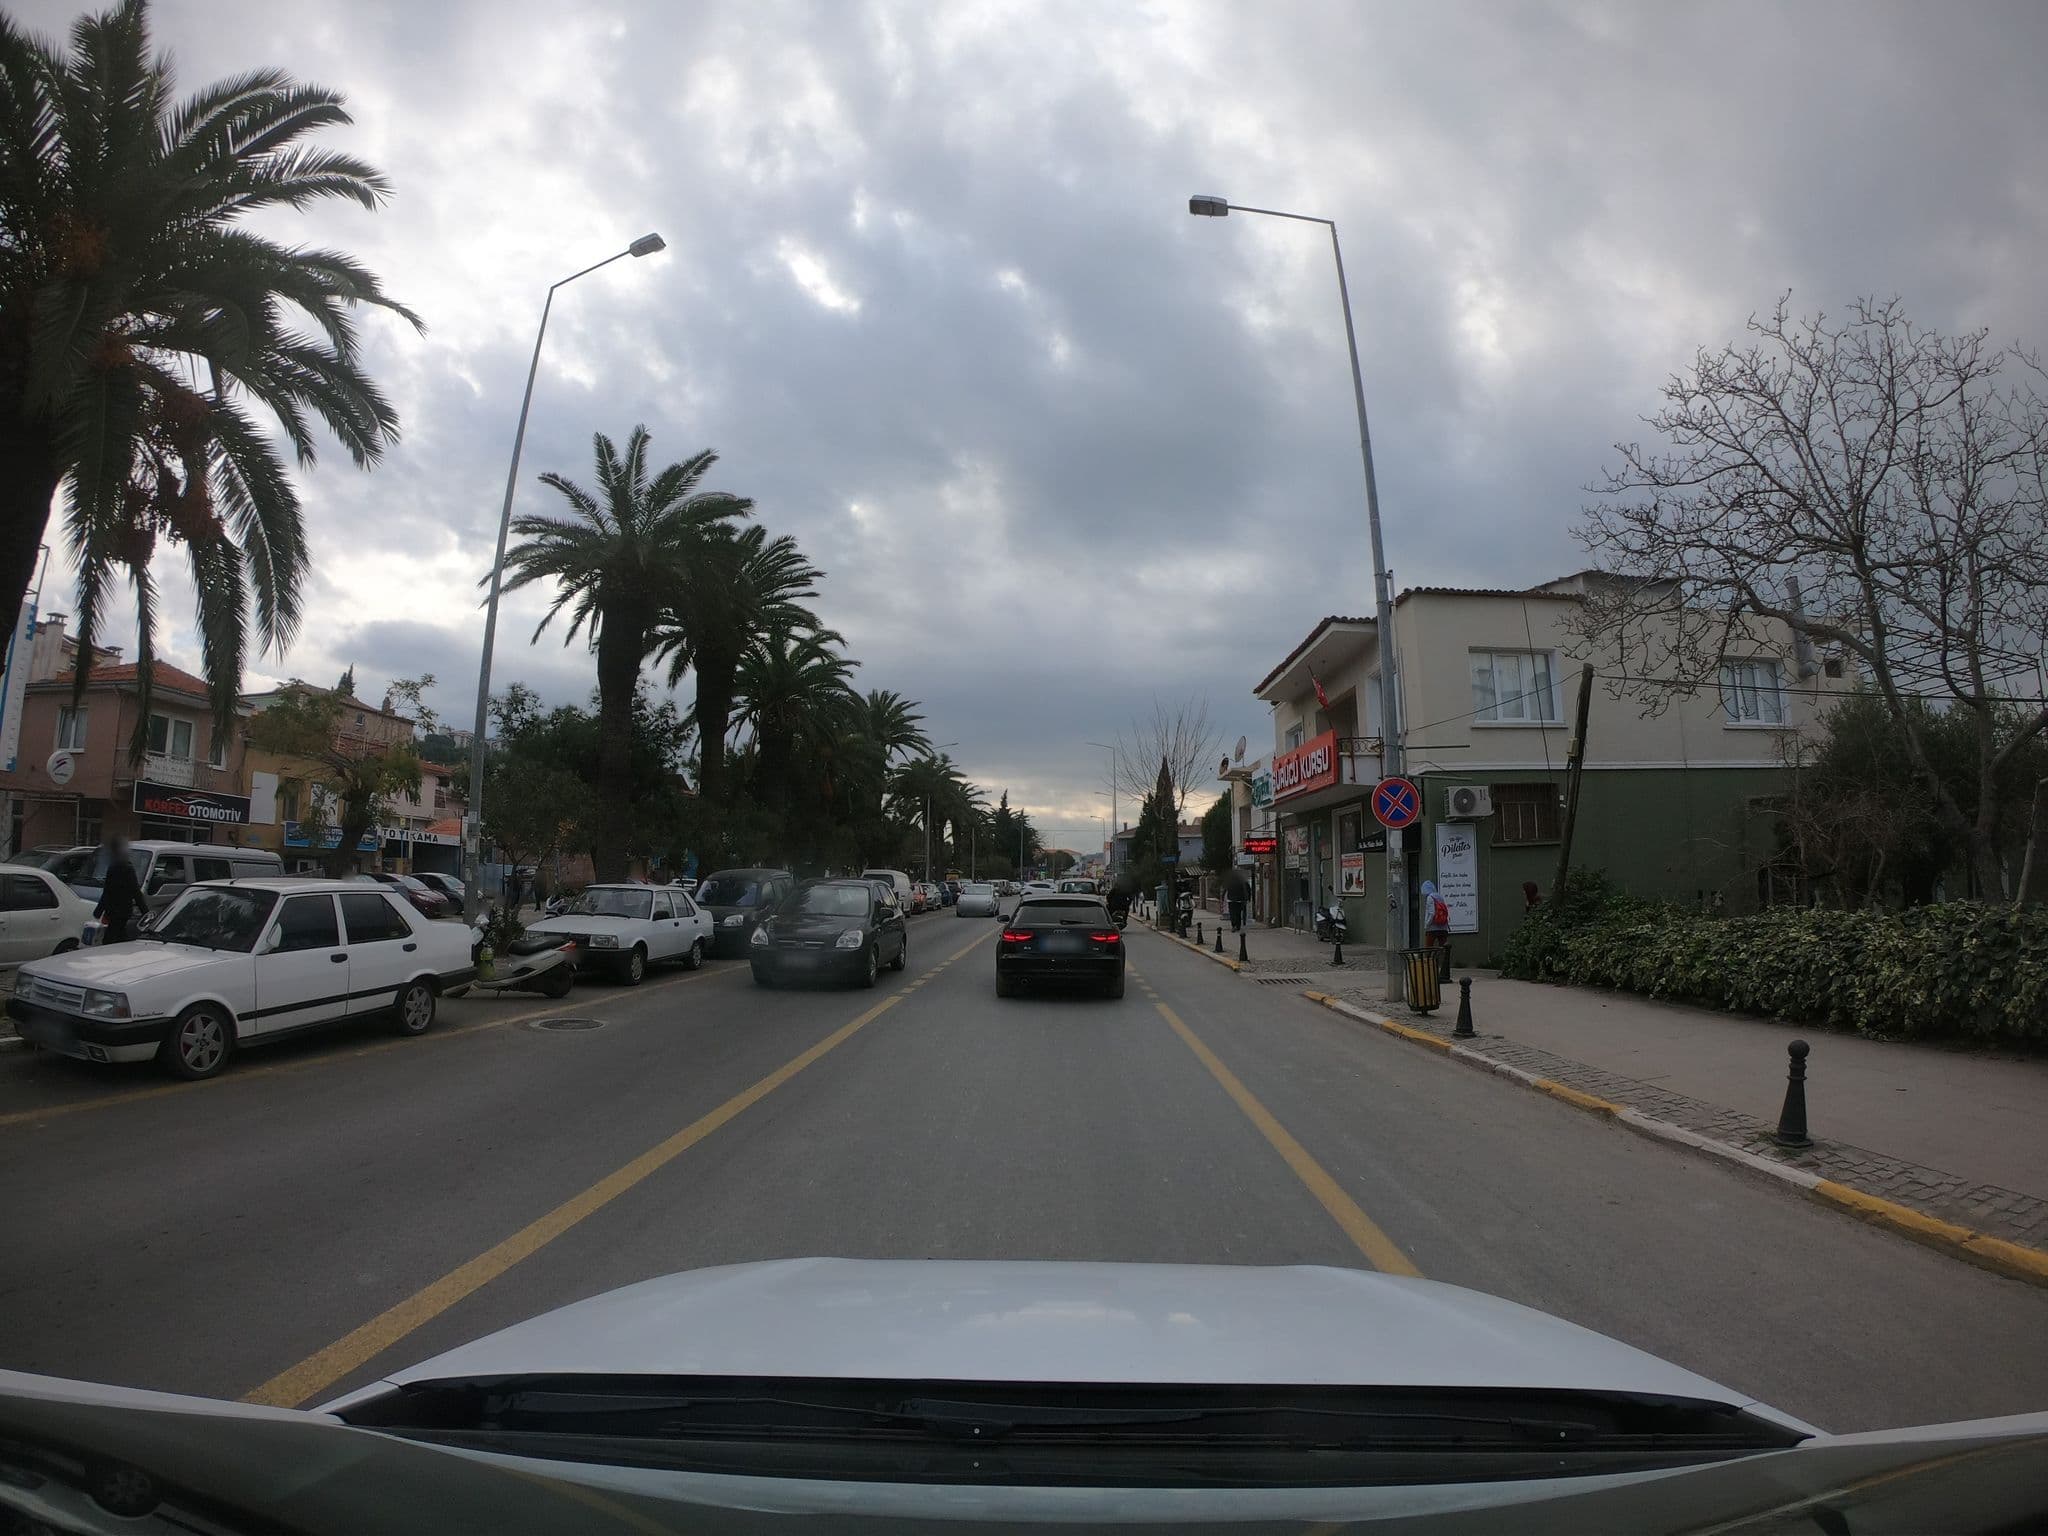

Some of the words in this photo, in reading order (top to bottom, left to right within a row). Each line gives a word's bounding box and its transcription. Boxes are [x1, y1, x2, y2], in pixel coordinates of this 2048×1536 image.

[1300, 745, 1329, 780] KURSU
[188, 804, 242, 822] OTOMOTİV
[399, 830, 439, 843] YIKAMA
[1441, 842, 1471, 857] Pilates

### [Exercise requirements]
Write the listing above out again exactly, dropping each image.

### [Written solution]
Some of the words in this photo, in reading order (top to bottom, left to right within a row). Each line gives a word's bounding box and its transcription. Boxes are [x1, y1, x2, y2], in pixel coordinates of this 2048×1536 image.

[1300, 745, 1329, 780] KURSU
[188, 804, 242, 822] OTOMOTİV
[399, 830, 439, 843] YIKAMA
[1441, 842, 1471, 857] Pilates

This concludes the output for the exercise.